Route Flap and Dampening
Route
flapping is when an advertised route is changing back and forth, or a route is
advertised, withdrawn, advertised, woithdrawn, etc.. It creates havoc because all the routers that store that
route have to keep changing it. The
outside world of routers, to protect themselves, apply a “penalty” (dampen)
to anyone who is flapping their route/s, and this causes them to stop honoring
those routes for a period of time
If
your routes flap more than one or two complete up-down-up cycles, you will be
dampened by many providers for at least an hour or so!!
When
you "assert" a route - saying "I know how to get to
192.204.4.0/24" and then later "withdraw" that assertion if you
in fact no longer know how to get to 192.204.4.0. But look at what happens when you withdraw that assertion.

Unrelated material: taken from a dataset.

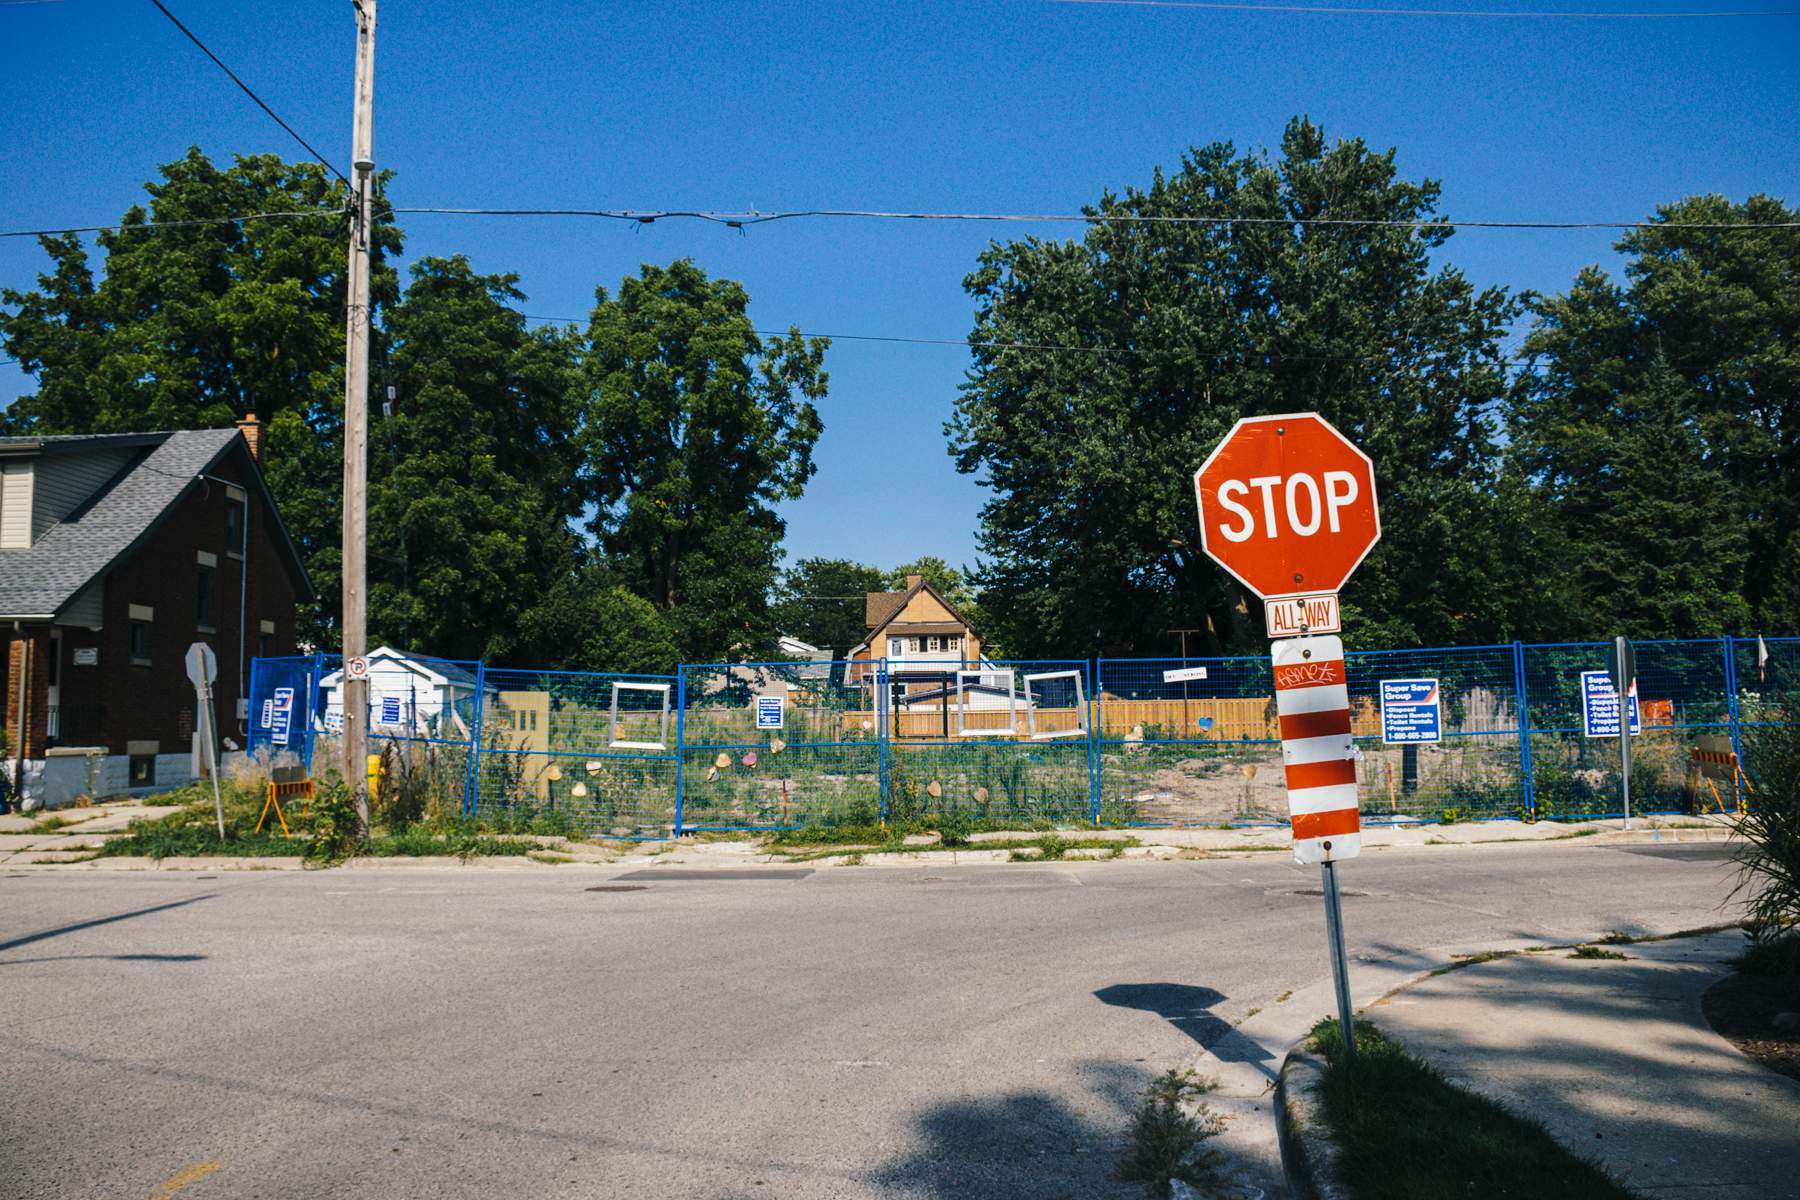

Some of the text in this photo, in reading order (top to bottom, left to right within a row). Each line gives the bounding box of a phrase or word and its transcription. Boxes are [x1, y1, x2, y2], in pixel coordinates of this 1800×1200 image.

[1217, 470, 1359, 543] STOP
[1274, 600, 1331, 631] ALL-WAY
[1385, 685, 1409, 693] Super

Your provider(s) must then also withdraw that assertion. And then their
provider(s) and peer(s) must do the same. All in all, thousands of routers
around the world now have to look at that route and decide if they have a
next-best path in their BGP (or other routing) table, and insert it as the
current best path in their IP routing table. This consumes many CPU-seconds on
routers that are sometimes very busy.
In
fact, it was consuming so much CPU
time a few years ago that a few people came up with an idea (which Cisco implemented in
record time) to "damp"(en) the "route flap"s. You'll hear
people say "damp" and "dampen". There's no real consensus
about which is the correct term.
What this means in practice today is that if your routes flap more than one or two complete up-down-up cycles, you will be dampened by many providers for at least an hour or so. So even if you're only "single-homed", you will be dampened if your provider withdraws your routes every time your T1 flips up and down a few times because some Bell guy tripped over a wire.
So
do not ask your upstream provider to announce you unless it makes a difference
(the benefit of being multiply-announced outweighs the possible negative effects
of being dampened due to instability in either your or your provider's network).